A Folha procurou o CNMP, que não respondeu à reportagem até a publicação deste texto.

A questão ganhou mais relevância com a licença de gratificação, uma verba indenizatória que remunera os promotores que trabalham com muitos processos.

De acordo com um documento de 2023 do Transparência Brasil, a gratificação por exercício cumulativo começou em 2015, como um bônus concedidos a juízes responsáveis por muitos processos. Até então, era só para os magistrados de varas federais.

Em 2020, passaram a pagar esse adicional também para os juízes de varas estaduais.

Em 2022, foi a vez do CNMP recomendar o pagamento da gratificação. Em janeiro de 2023, veio uma mudança importante: a gratificação por acúmulo de processos (o que é chamado de acervo) passaria a ser dada como uma folga (usa-se a expressão licença).

A cada três dias trabalhados com um acúmulo de processos, o promotor ou procurador ganha um dia.

No entanto, esses profissionais podem não gozar essa folga e receber por ela. Assim, a licença por acervo virou uma verba compensatória (pagamentos que, supostamente, são feitos para compensar um gasto que um servidor teve para conseguir trabalhar e sob os quais não há incidência de Imposto de Renda e cujos valores não são contabilizados para o teto constitucional).

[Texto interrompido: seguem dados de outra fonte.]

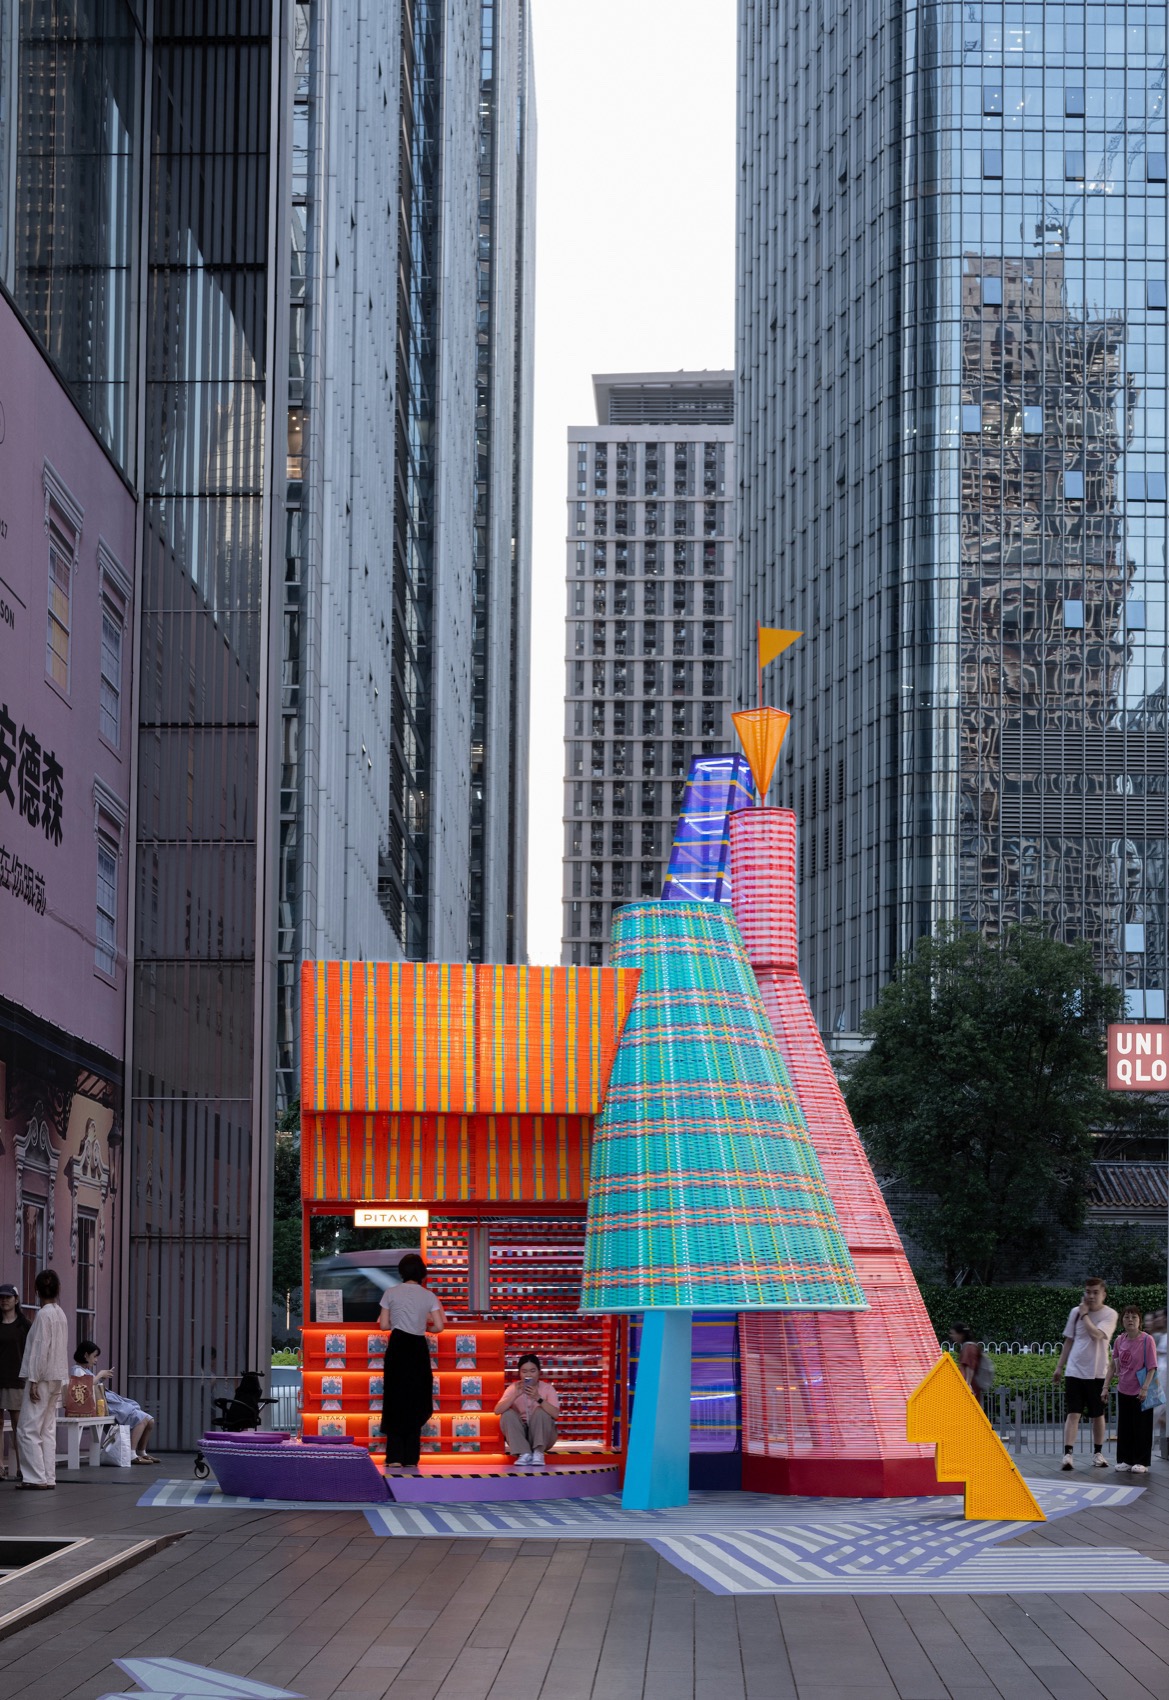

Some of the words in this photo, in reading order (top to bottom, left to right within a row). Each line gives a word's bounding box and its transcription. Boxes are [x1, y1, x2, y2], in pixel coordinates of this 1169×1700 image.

Um servidor do MPRJ (Ministério Público do Rio de Janeiro) afirmou que o pagamento pela licença de acervo aos promotores é motivo de descontentamento entre os colegas dele porque muitas vezes são os analistas e técnicos que têm mais trabalho com a grande quantidade de processos, e não os promotores.

A situação no estado ficou tensa no estado do Rio de Janeiro porque os promotores recebem o retroativo pelo acúmulo de acervo e o procurador-geral (o chefe do MP) revogou um adicional de qualificação que os servidores receberiam, porque o estado está em recuperação financeira.

Em julho, o procurador-geral Antonio José Campos Moreira berrou com servidores em uma sessão colegiada do Órgão Especial do MPRJ.

Campos Moreira falava sobre por que tinha revogado a resolução que permitia o pagamento pelo adicional de qualificação aos servidores, argumentando que não poderia criar novas despesas enquanto o estado estiver em recuperação fiscal.

No meio da fala, reclama de críticas públicas feitas por uma pessoa que o teria visitado: “Eu não posso receber uma pessoa, receber bem, a pessoa virar as costas e me bombardear. Eu não recebo mais. Eu só recebo quem tem estatura para dialogar com o procurador-geral. Eu sou o procurador-geral de Justiça. Esse cargo é importante. Não é o Antonio José, é o procurador-geral de Justiça. E quem se dirigir a mim vai se dirigir a mim com respeito. Não vai se dirigir de uma ‘forma moleque’ em vaias no meio da rua”.

Incomodado com respostas durante a sessão, ele então grita diversas vezes ao microfone: “Cala a boca”.

Instantes depois, relata que, após ter revogado a resolução que aumentava o pagamento aos servidores, recebeu “um audiozinho, uma voz esganiçada (…) declarando guerra”.

De lá para cá, os servidores do MPRJ optaram por baixar o tom do conflito.